Why, yes, yes I can. I can tell you, pretty accurately, what most chickens are thinking about. I think the ability is only found in Catholic chickens, however. I am not surprised that humans are not granted the ability. They actually have a day devoted to turkey sacrifice!
The Chicken
Poor chicken. Poor piggie. Poor turkey. Which came first, the chicken or the sausage egg and cheese sandwich?
Dear un-ionized,
I apologize for giving offense in my last comment.
The Chicken
There no offense there that I can see, humor is always good, even when it’s bad, which mine so often is (I have extremely tolerant friends).
I am sorry about your inadvertent meat attack. I am sure you are okay even if your stomach isn’t, or is it a crop?

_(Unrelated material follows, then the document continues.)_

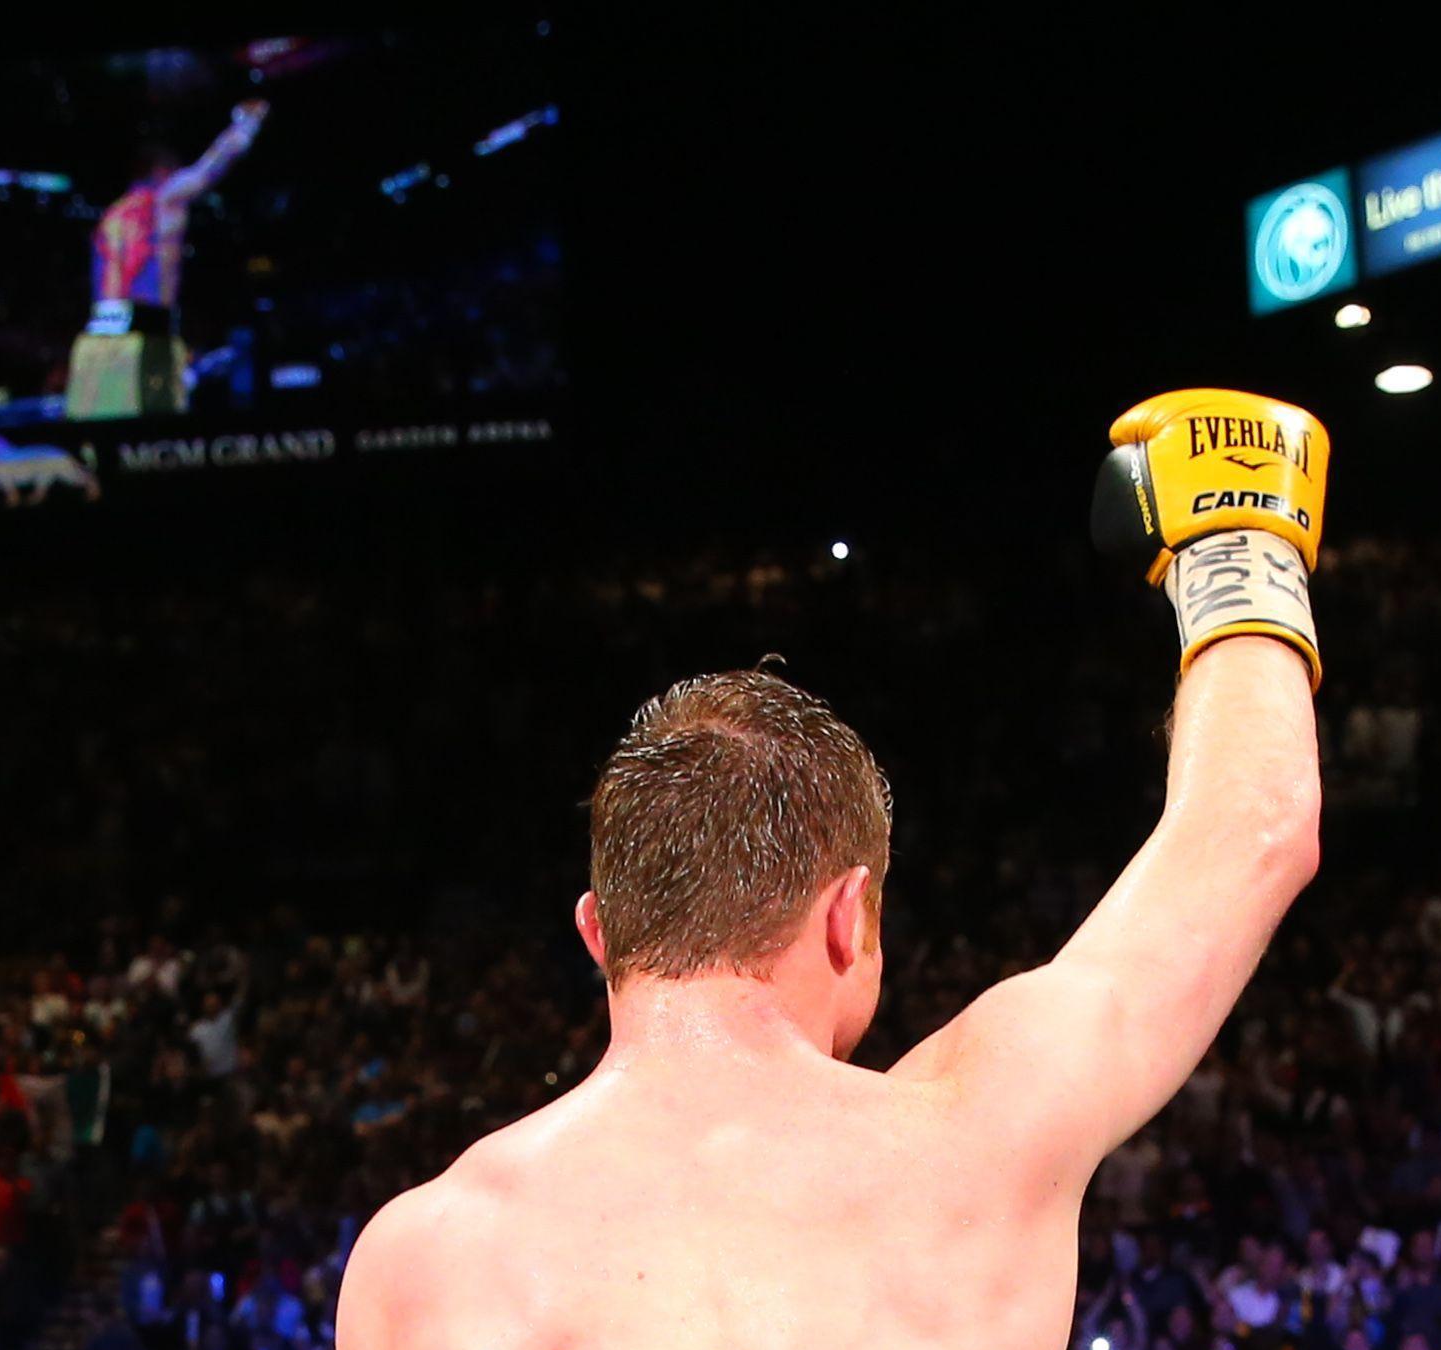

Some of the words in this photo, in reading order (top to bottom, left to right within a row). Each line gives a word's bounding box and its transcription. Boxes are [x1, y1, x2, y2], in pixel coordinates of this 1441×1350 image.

[1365, 185, 1423, 231] Live
[116, 437, 208, 471] MGM
[209, 428, 337, 468] GRAND

I am lucky, I work with a bunch of Hindus so vegetarian choices are always abundant, and I remind the staff a week in advance about the start of Lent. There are lots of Catholics too.
The Masked Chicken says:
I am pretty sure that Freud was dead by 1962 (he died in 1939).
It was a joke. (I thought you said you have studied humor.)
robtbrown, it was obviously an effect of the inadvertent meat attack.
@Chicken, the problem is that “egg and cheese” implies “bacon, egg and cheese” to all but vegetarians and vegans.
@TWF, the “Orthodox Fast” is no different from the historic Catholic fasting rules, and no different from Eastern Catholic fasting rules. In fact, St. Philips Fast has already begun; this is a pre-Christmas fasting period, beginning in mid-Nov.
Using the Historical Critical Method, I have decided that it wasn’t a vision that convinced Peter that the sanction against pork was to be ended. Rather, it was that he was given a BLT with thick sliced bacon or a Hardee’s Sausage Egg biscuit.
In 2011, the Bishops of England and Wales changed back to abstaining from meat as the Friday penance. They published a FAQ which answered a question as to whether eating meat on Friday would be a sin.
The second paragraph of the answer given in the FAQ I quoted is as it appears on the website of the Diocese of Westminster. However, that part of the answer is different in the version of the FAQ published by the CBCEW. Here is the version from the Bishop’s Conference, which quotes guidance from the Vatican
I have since read an article by another priest who feels that Fr. Stock’s version is confusing. I could not find a copy on the website of the CBCEW, so it may have been removed from there although it is still on the Diocese of Westminster website.